While this may sound intimidating, the process is actually quite simple if you do your homework. That means keeping good notes and paying attention to how and when you feed various bits of information to your readers.

Give readers a steady drip of information.

From page one, you know what readers should feel anxious about because you know your story inside and out. It’s easy to forget readers are coming in cold. They have no context to identify important information or recognize tension.

Kick off your first pages with enough tension to hook readers’ interest — even if you don’t want to reveal anything too significant just yet. You need to establish not only plot tension but stakes: what do your main characters want? What might keep them from getting it? Plant questions in readers’ minds early and they’ll want to keep reading for answers.

Stay mindful of who knows what.

Knowledge is critical to authentic point of view in any novel, but it can really make or break a mystery. Keep careful track of which information the following people have at any given time:

  • Point-of-view character(s)
  • Protagonist
  • Antagonist
  • Reader

Skillful handling of reader and character knowledge will bolster your story’s believability and suspense. Sometimes your reader will know something your hero doesn’t (yet). This helps increase tension. Other times, your point-of-view character might reveal a hidden piece of backstory through her behavior. Or maybe readers know your antagonist is one step ahead of your hero — and they’re dying to find out what happens as a result.

Mysteries present a puzzle for both the reader and the story’s hero. Pace your reveals carefully and avoid slip-ups that could cause confusion. You may even want to write everything down somewhere to keep from losing track.

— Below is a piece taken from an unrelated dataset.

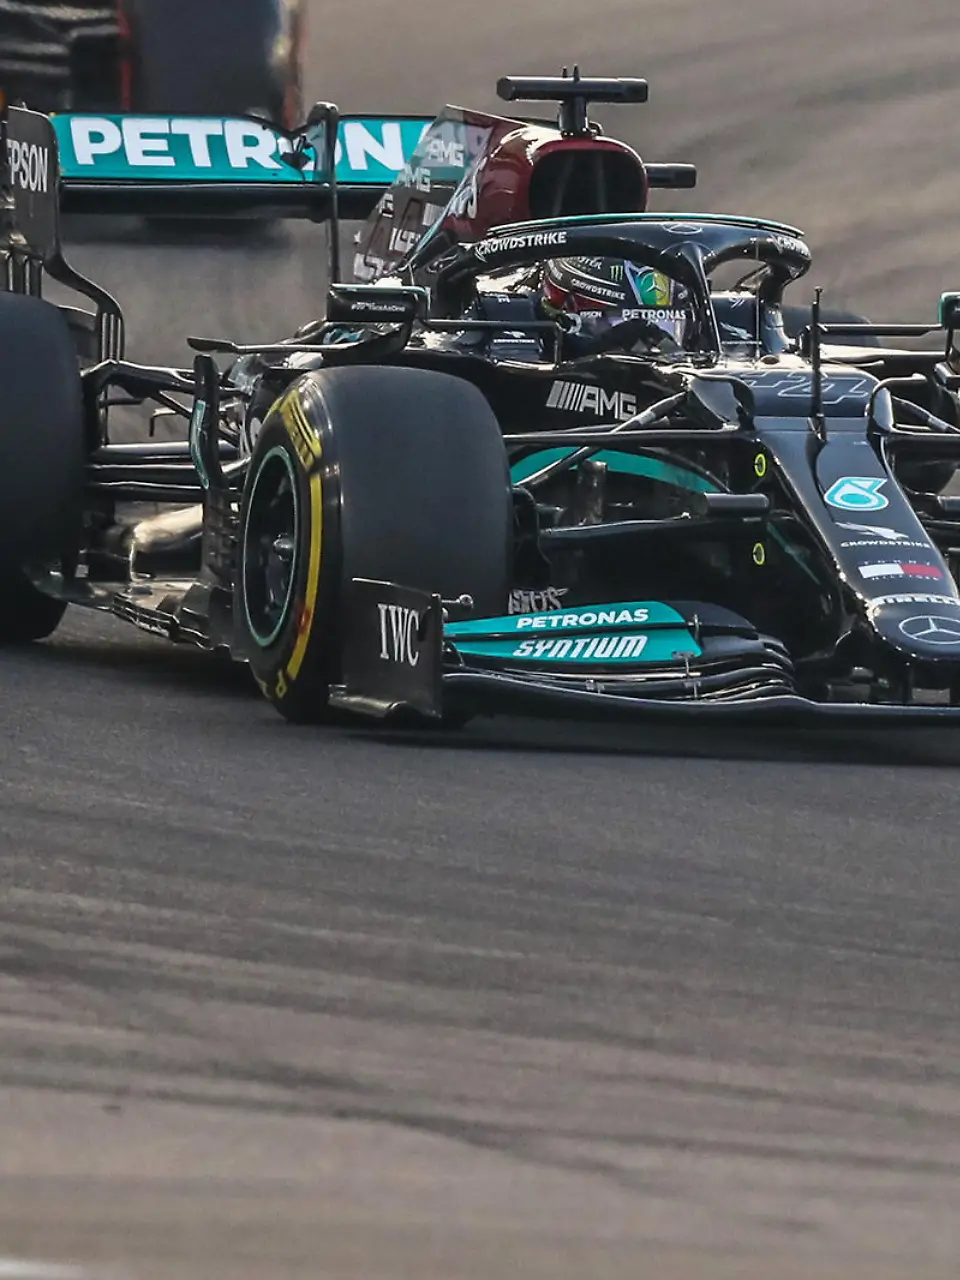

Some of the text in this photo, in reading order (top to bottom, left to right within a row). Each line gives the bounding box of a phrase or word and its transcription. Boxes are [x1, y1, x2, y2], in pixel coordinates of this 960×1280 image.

Don’t forget to add contrast.

While tension is critical to your story, it shouldn’t overpower every page. A nonstop flood of intensity and drama will fatigue readers and leave them wondering where to focus their attention. Your plot needs breathing room to allow readers time to process and reflect on key events.

Consider including at least one character with no direct connection to the mystery itself. This can be a coworker, friend, spouse — anyone who interacts with your hero outside the central plot. These secondary characters and subplots allow you to show a different side of your main character. They can also provide a dose of levity if your main storyline feels too dark and heavy.

Remember that your characters should feel like real people, and real people have many facets. We occasionally laugh at funerals. Sometimes a looming disaster at work takes our mind elsewhere during a family gathering. Showing this contrast will transform your book from a story on a page into a rich, three-dimensional world.

Trust your readers.

While you want readers to understand your intentions in your book, avoid getting too heavy-handed. If you explain every important detail and steamroll over any trace of subtlety, readers have no reason to continue reading.

Give them something to think about. In a whodunnit, you should include multiple suspicious characters. Events should have more than one possible explanation. Some characters should be more trustworthy than others. In other words, trust your reader — and your writing! — and don’t make your intentions too obvious from the start. Your critique group or beta readers will let you know if anything is unclear.

Read widely in your genre.

Mystery is a well-established genre with an array of subcategories that all come with their own plot formulas and tropes. If you want your work to resonate with readers, you need to know what they expect. As you’re writing and revising your own work, read as many successful mysteries as you can. Find the common threads and try to tease out what makes a good mystery novel tick.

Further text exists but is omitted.